Scalars tags (not all but most of them):
Mean_Reciprocal_Rank/Mean_Reciprocal_Rank_test
Accuracy/Accuracy_test
In_top_5/In_top_5_test
Cost_function/Total_cost_test
Cost_function_additional_metrics/Cross_entropy_test

attributes
wall_time
step
value
"""


def get_optimal_event(scalars, selection_func):
    """
    Inputs are list of ScalarEvent and a selection function (either min or max).
    e.g. for accuracy, max should be selected, while for cost, min is appropriate.
    Returns the "optimal" event, i.e. the event where the optimal value was achieved.
    """
    if selection_func not in (min, max):
        raise ValueError('selection_func should be either min or max, got unexpected {}'
                         .format(selection_func.__name__))
    
    # optimal value
    optimal_val = selection_func(
        [event.value for event in scalars])
    # optimal event (corresponding to the optimal value)
    optimal_event = [event for event in scalars 
                     if event.value == optimal_val][0]
    
    return optimal_event


def get_all_optimals(log_dir, event_acc):
    """
    Inputs are log_dir (e.g. as from child_dir) 
        and event_acc is the event accumulator.
    Gets optimal events (using 'get_optimal_event') for 
        total cost, Mean Reciprocal Rank and accuracy.
    Returns the three optimal events (optimal_cost, optimal_mrr, optimal_accuracy),
        as well as the three ScalarEvent lists (total_cost, mrr, accuracy)
    """
    # get ScalarEvent lists
    total_cost = event_acc.Scalars(log_dir, 'Cost_function/Total_cost_test')
    mrr = event_acc.Scalars(log_dir, 'Mean_Reciprocal_Rank/Mean_Reciprocal_Rank_test')
    accuracy = event_acc.Scalars(log_dir, 'Accuracy/Accuracy_test')

    # get optimal events
    optimal_cost = get_optimal_event(total_cost, min)
    optimal_mrr = get_optimal_event(mrr, max)
    optimal_accuracy = get_optimal_event(accuracy, max)
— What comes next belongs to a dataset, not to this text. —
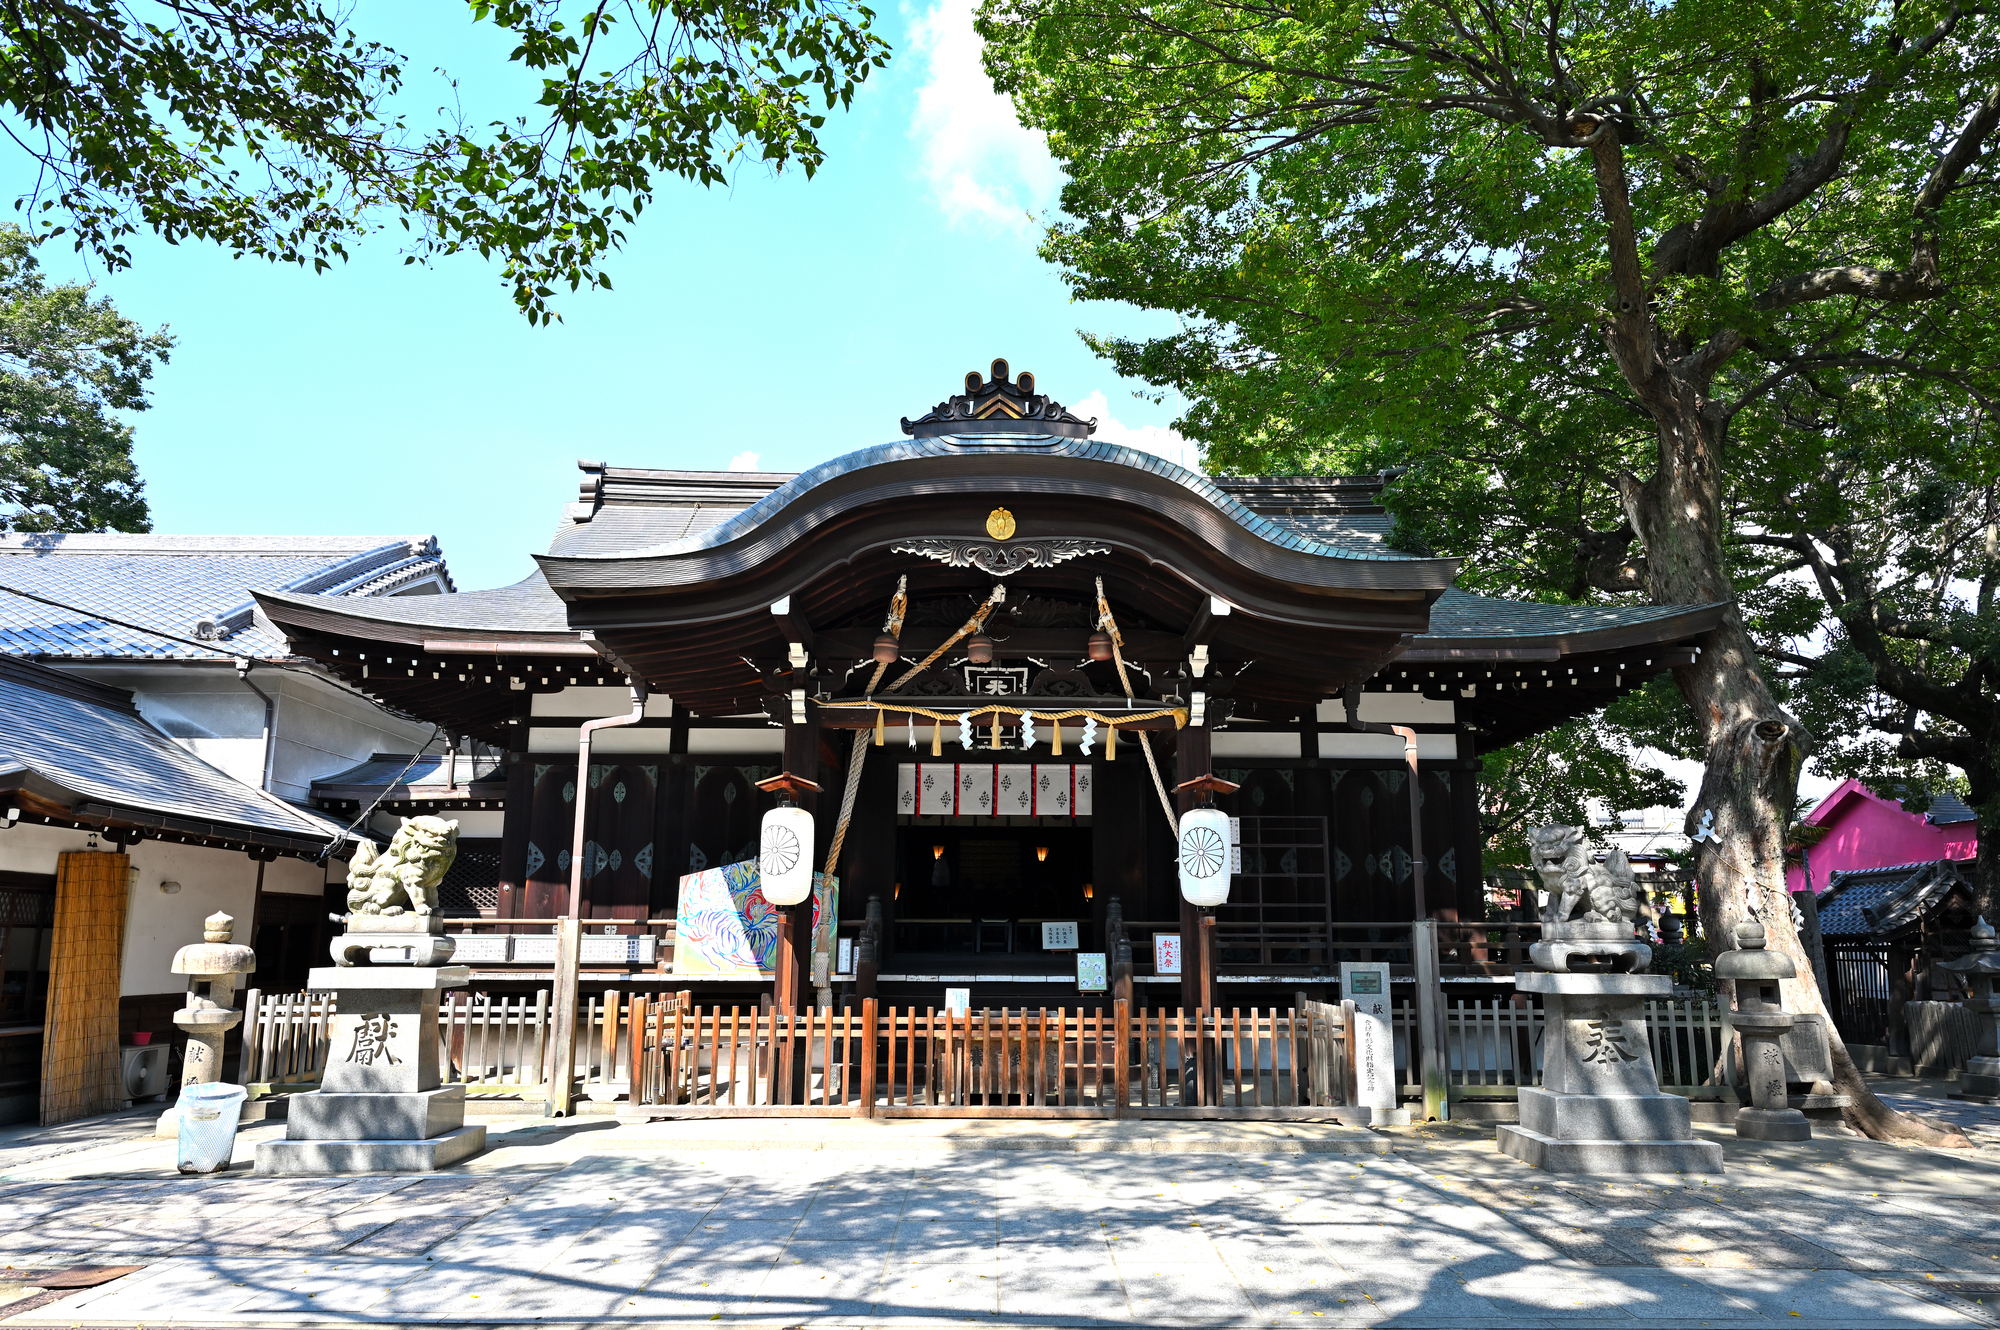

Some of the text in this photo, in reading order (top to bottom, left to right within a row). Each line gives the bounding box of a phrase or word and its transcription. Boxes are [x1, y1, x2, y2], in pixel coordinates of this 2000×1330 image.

[1162, 939, 1173, 968] 秋大祭
[1582, 1011, 1639, 1074] 奉
    return (optimal_cost, optimal_mrr, optimal_accuracy, 
            total_cost, mrr, accuracy)


def value_at_other_optimal(scalars, optimal_event):
    """
    Inputs are scalars, a list of ScalarEvent and 
        optimal_event, an optimal ScalarEvent.
    Retruns the value from scalars at the optimal_event step.
    e.g. value_at_other_optimal(accuracy, optimal_cost) returns
        the accuracy value at the step where cost was optimal.
    """
    return [event.value for event in scalars 
            if event.step == optimal_event.step][0]
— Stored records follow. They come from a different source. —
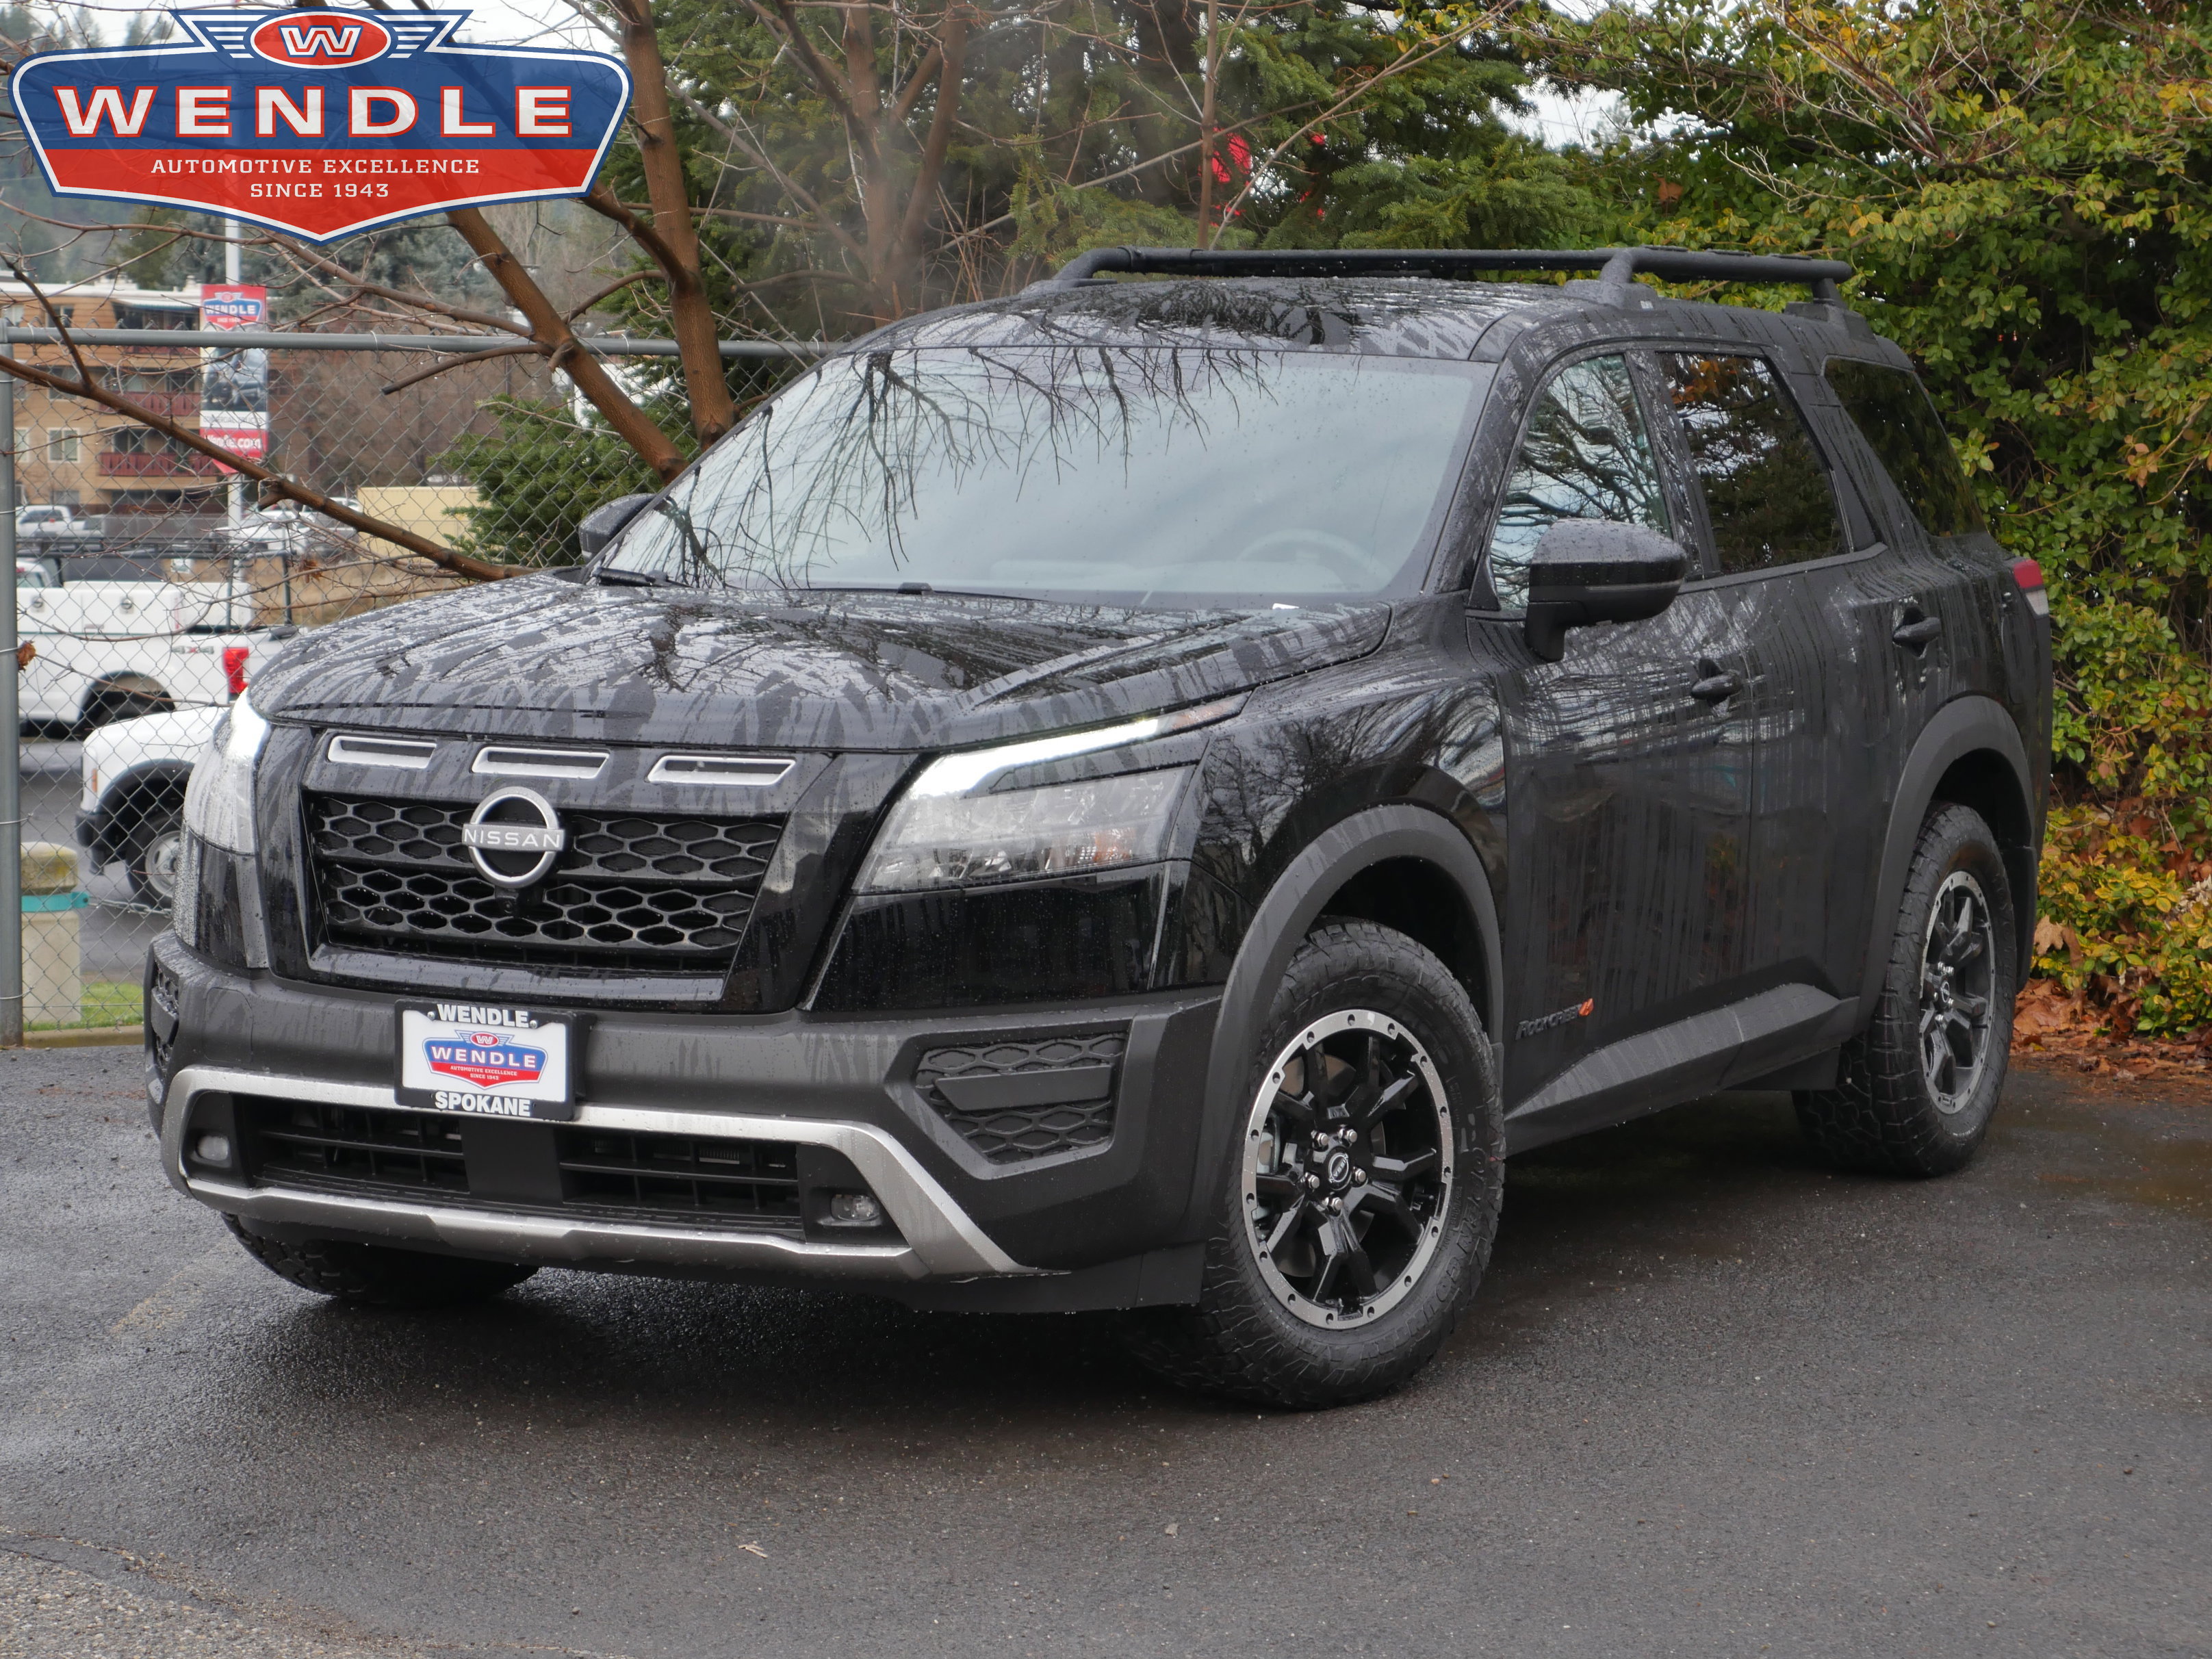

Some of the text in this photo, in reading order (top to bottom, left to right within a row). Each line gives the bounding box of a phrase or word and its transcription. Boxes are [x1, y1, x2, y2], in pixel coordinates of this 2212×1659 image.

[205, 305, 256, 314] WENDLE
[464, 828, 560, 848] NISSAN
[437, 1003, 530, 1029] WENDLE
[430, 1046, 537, 1069] WENDLE
[450, 1065, 517, 1077] AUTOMOTIVE EXCELLENCE
[435, 1090, 531, 1117] SPOKANE
def metrics_dict_from_log(log_dir, 
                          event_acc=None, 
                          optimal_cost=None, 
                          optimal_mrr=None, 
                          optimal_accuracy=None, 
                          total_cost=None, 
                          mrr=None, 
                          accuracy=None):
    """
    Input log_dir is a Tensorboard log directory
        and event_acc is the event accumulator.
    Other inputs are optional and will be generated if not provided.
    Returns an OrderedDict with the model string (log dir name) and evaluation metrics.
    """
    # check if event_acc is None
    if event_acc is None:
        event_acc = event_multiplexer\
            .EventMultiplexer()\
            .AddRunsFromDirectory(log_dir)
        event_acc.Reload()
    
    # check if all optional input values are None
    if not any(a is not None 
               for a in [optimal_cost, 
                         optimal_mrr, 
                         optimal_accuracy, 
                         total_cost, 
                         mrr, 
                         accuracy]):
        # get evaluation metrics data from log dir
        (optimal_cost, optimal_mrr, optimal_accuracy, 
         total_cost, mrr, accuracy) = get_all_optimals(log_dir, event_acc)
        
    return OrderedDict(
        [('Model_str', log_dir), 
         ('Cost @ optimal cost', value_at_other_optimal(total_cost, optimal_cost)), 
         ('MRR @ optimal cost', value_at_other_optimal(mrr, optimal_cost)), 
         ('Accuracy @ optimal cost', value_at_other_optimal(accuracy, optimal_cost)), 
         ('step @ optimal cost', optimal_cost.step), 
         
         ('Cost @ optimal MRR', value_at_other_optimal(total_cost, optimal_mrr)), 
         ('MRR @ optimal MRR', value_at_other_optimal(mrr, optimal_mrr)), 
         ('Accuracy @ optimal MRR', value_at_other_optimal(accuracy, optimal_mrr)), 
         ('step @ optimal MRR', optimal_mrr.step), 
         
         ('Cost @ optimal accuracy', value_at_other_optimal(total_cost, optimal_accuracy)), 
         ('MRR @ optimal accuracy', value_at_other_optimal(mrr, optimal_accuracy)), 
         ('Accuracy @ optimal accuracy', value_at_other_optimal(accuracy, optimal_accuracy)),
         ('step @ optimal accuracy', optimal_accuracy.step)
         ])

In [3]:
# specify path (for parent log dir)
log_parent_dirs = ['./experiments/logdir_exper_4_20_GRU/',
                   './experiments/logdir_exper_4_20_GRU_bidir/',
                   './experiments/logdir_exper_4_20_LSTM/',
                   './experiments/logdir_exper_4_20_LSTM_bidir/']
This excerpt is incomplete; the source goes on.